# RedFordFarms



## RedFordFarms (Mar 16, 2012)

Hey guys! I'm new here and jus wanted to share a little about my herds and farm. 

So first off, the name, We have a 97' red ford. Thats where the name came from but we are still looking for a more unique name.
We have been forced to live on a 2 acre "city farm" for the past 1 year and 8 months. We get to move back to the country in 5 months (EKKK!!!!  ) So I can't post any gorgeous barn and garden pictures until we move and of course build the barn.  But I thought I'd share a little about my herds, flocks, etc.

Heres a list of our animals:

-black angus cattle
-quarter horses and thoroughbreds
-show and meat rabbits of 4 different breeds
-pigs
-chickens
-cats
-dogs
-geese
-ducks
-wild ducks that land in our yard and eat our food... LOL

We just made a website. Its not completely finished but I'm satisfied for now.... Go ahead and take a look!!

www.redfordfarms.weebly.com


----------



## redtailgal (Mar 16, 2012)

Welcome to the forum!

erm, wait a minute......No goats?

hmmm.

That's ok.  We'll bombard you with pics of baby goats.  bwahahahaha!

Your cattle are nice looking.  Big Mama has a lovely head on her!  And I loved your photo page (I'm a photography fanatic).  

Anyway, nice to meet you, I'll look forward to hearing more about your farm.


----------



## RedFordFarms (Mar 18, 2012)

Thank you!! She is such a sweetheart. The best mama and the most gentle trusting cow. With her last calf (Boomer) we were castrating him and she was eating her hay and she trusted us not to hurt him enough that she would peek over every few minutes to make sure he was alright and would just go back to munching. lol and Lucy is a GORGEOUS cow. She is due any day now. Her bag is just barely starting to fill up. I'm so excited. I'm sure I will have some pictures of her and her baby soon. I need to get pictures of Rosey but she is with the bull at our friends farm right now. lol

And yes I do need goats. lol I don't know much about them or what they can be used for, but I think they would be fun to have. Most of my animals have to have a good purpose on our farm... no freebies. lol 

-horses: Transportation in a very bad economy
-cows: food storage on the hoof
-rabbits: human food and dog and cat food
-piggies: BACON
-cats: pest control
-dogs: Constant Farm Patrol
-Chickens: meat, eggs, pest control
-geese: clean up to orchard and good meat plus natural lawn mowers. lol
-ducks: same as the geese 
-I don't know about those wild ducks though. I guess they could be used for food if I was a good aim with a shotgun, i'll leave that to my brothers. LOL

I love photography.
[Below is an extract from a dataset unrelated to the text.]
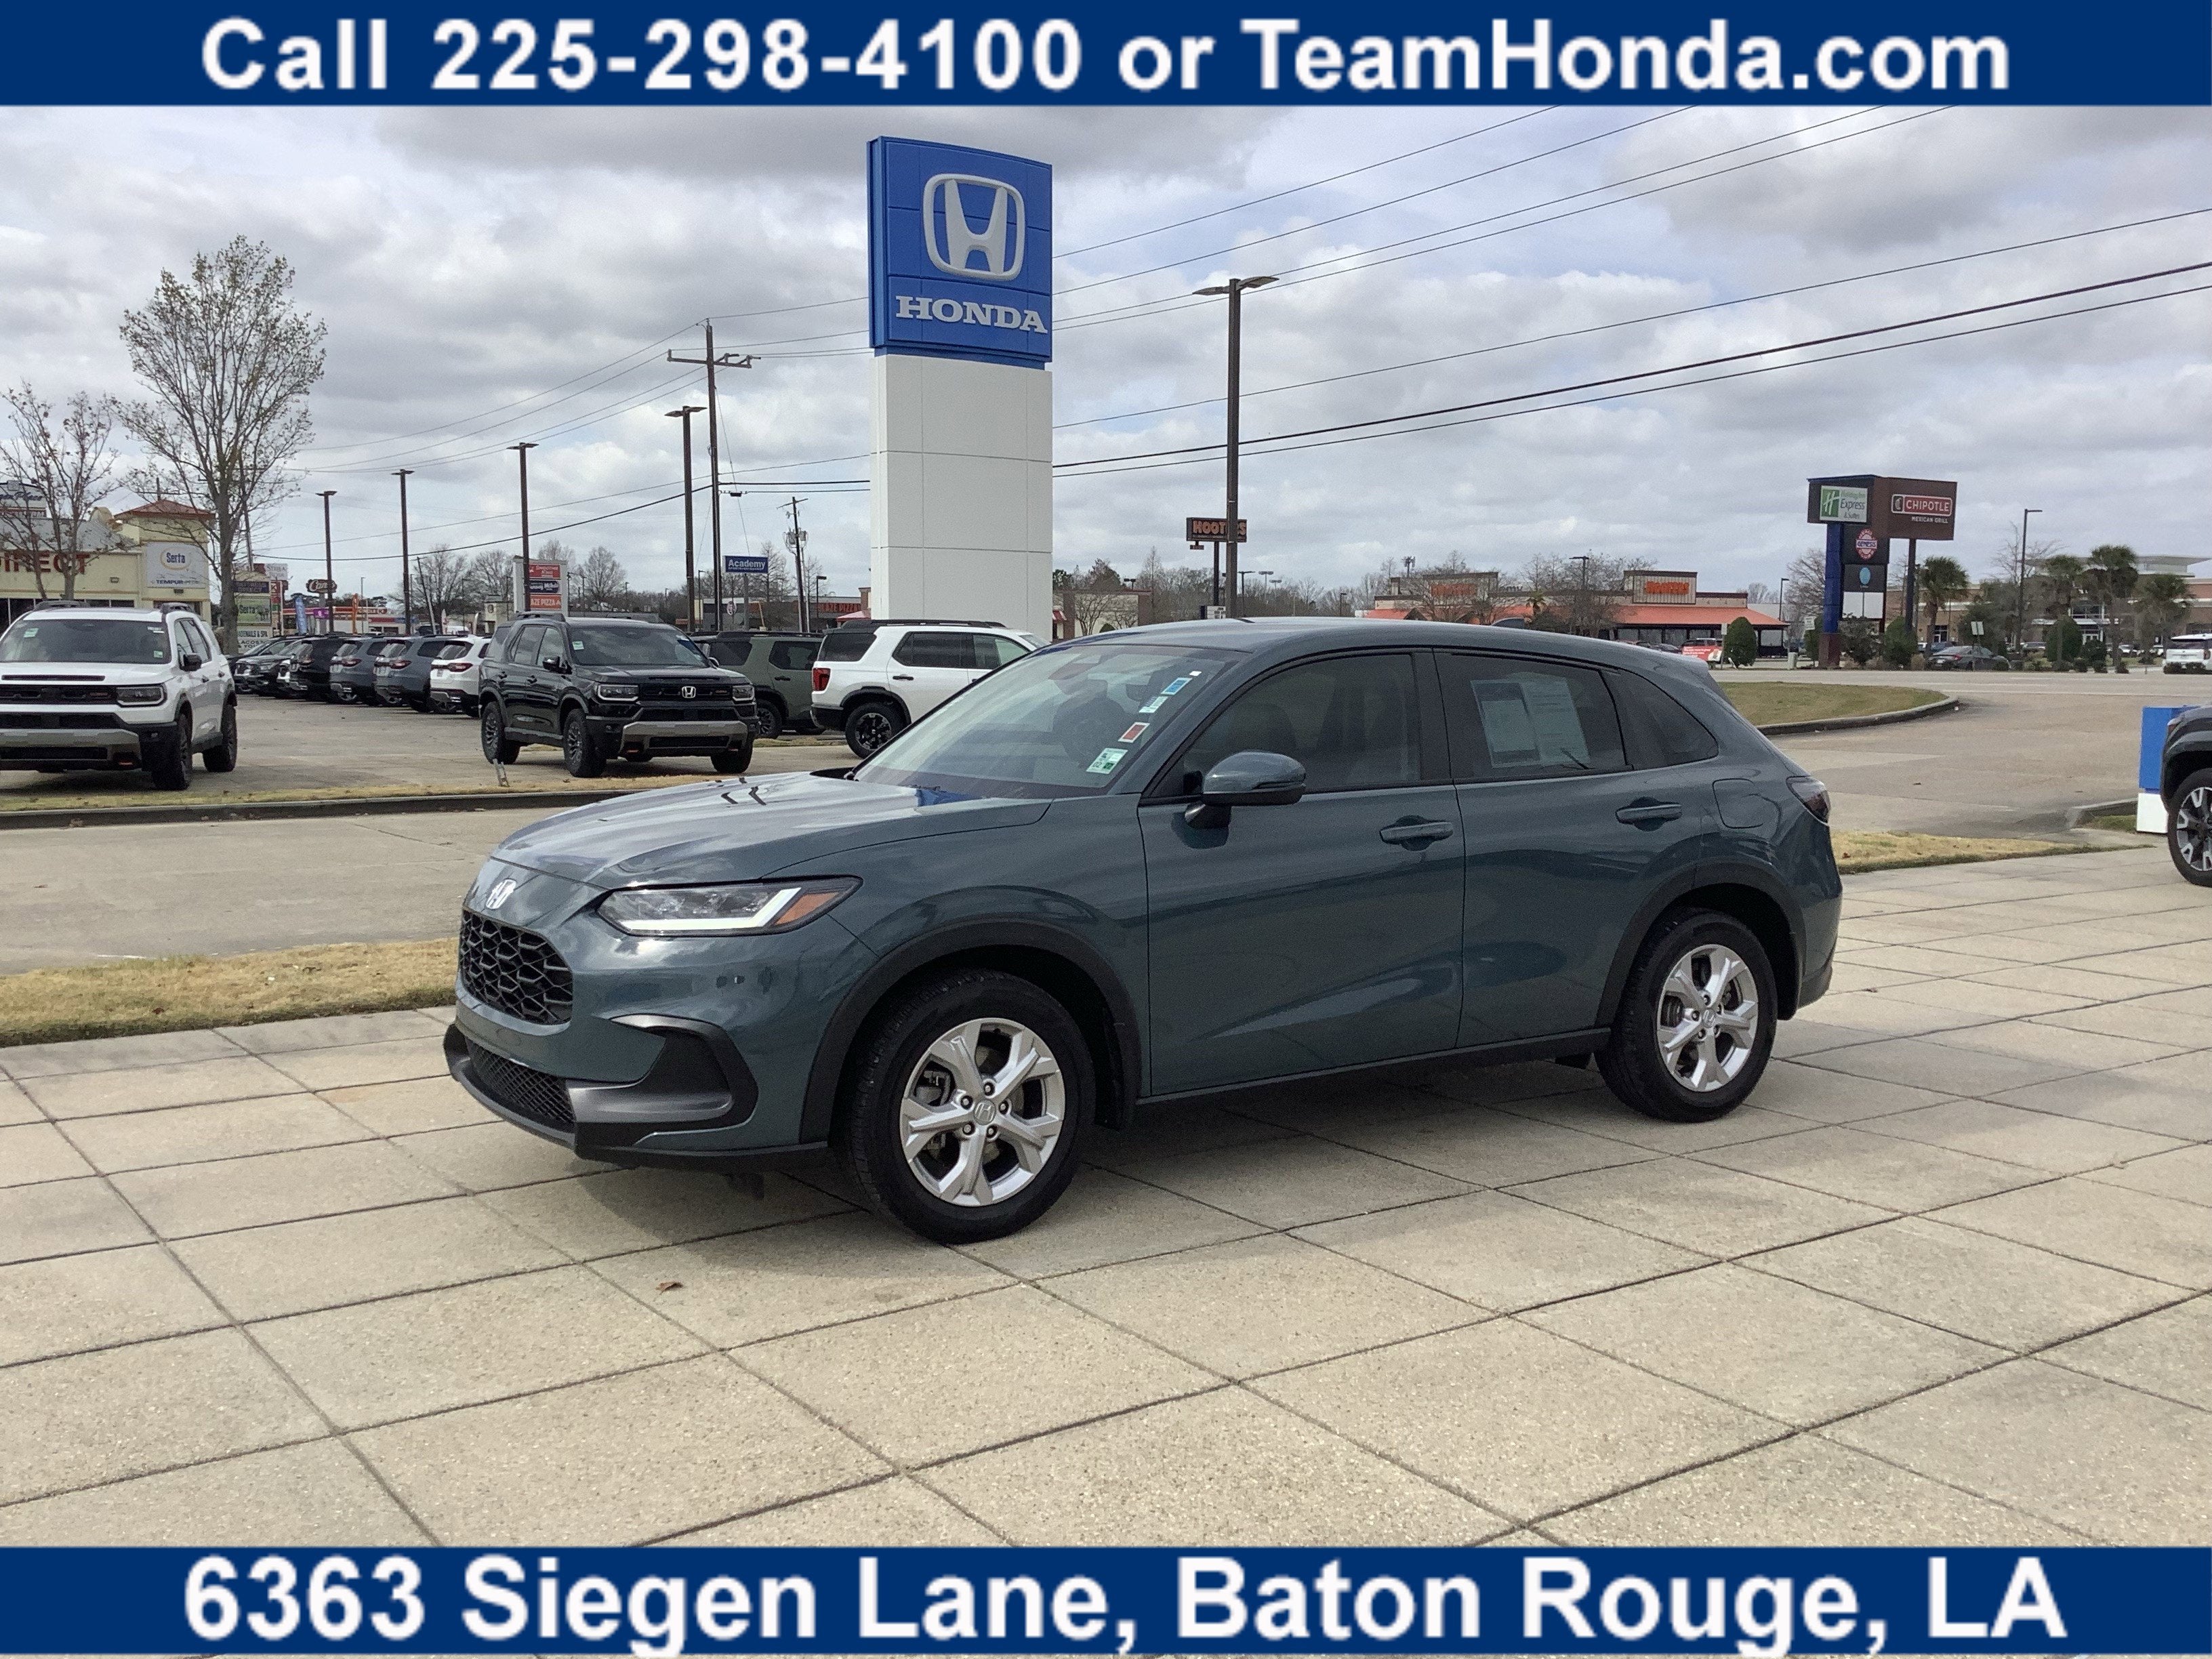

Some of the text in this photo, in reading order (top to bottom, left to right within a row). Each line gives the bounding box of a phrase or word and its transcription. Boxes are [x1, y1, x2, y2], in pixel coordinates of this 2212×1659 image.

I have a point and shoot camera though. lol


----------



## ksalvagno (Mar 18, 2012)




----------



## SmallFarmGirl (Mar 18, 2012)




----------



## BrownSheep (Mar 18, 2012)

There is actually quite a market for meat goats. If you live anywhere near SLC I'm certain you could make some brisk buisness selling to some of the ethnic groups there. not that everyone can't enjoy goat but I've never tried it. NOW what you should REALLLLLLY get is some sheep.


----------



## elevan (Mar 18, 2012)




----------



## DonnaBelle (Mar 19, 2012)

Welcome to BYH.

I love the name Red Ford Farm...I have never heard anything close to that!!  How much more unique can you get!!

We had a red ford pickup, but traded recently....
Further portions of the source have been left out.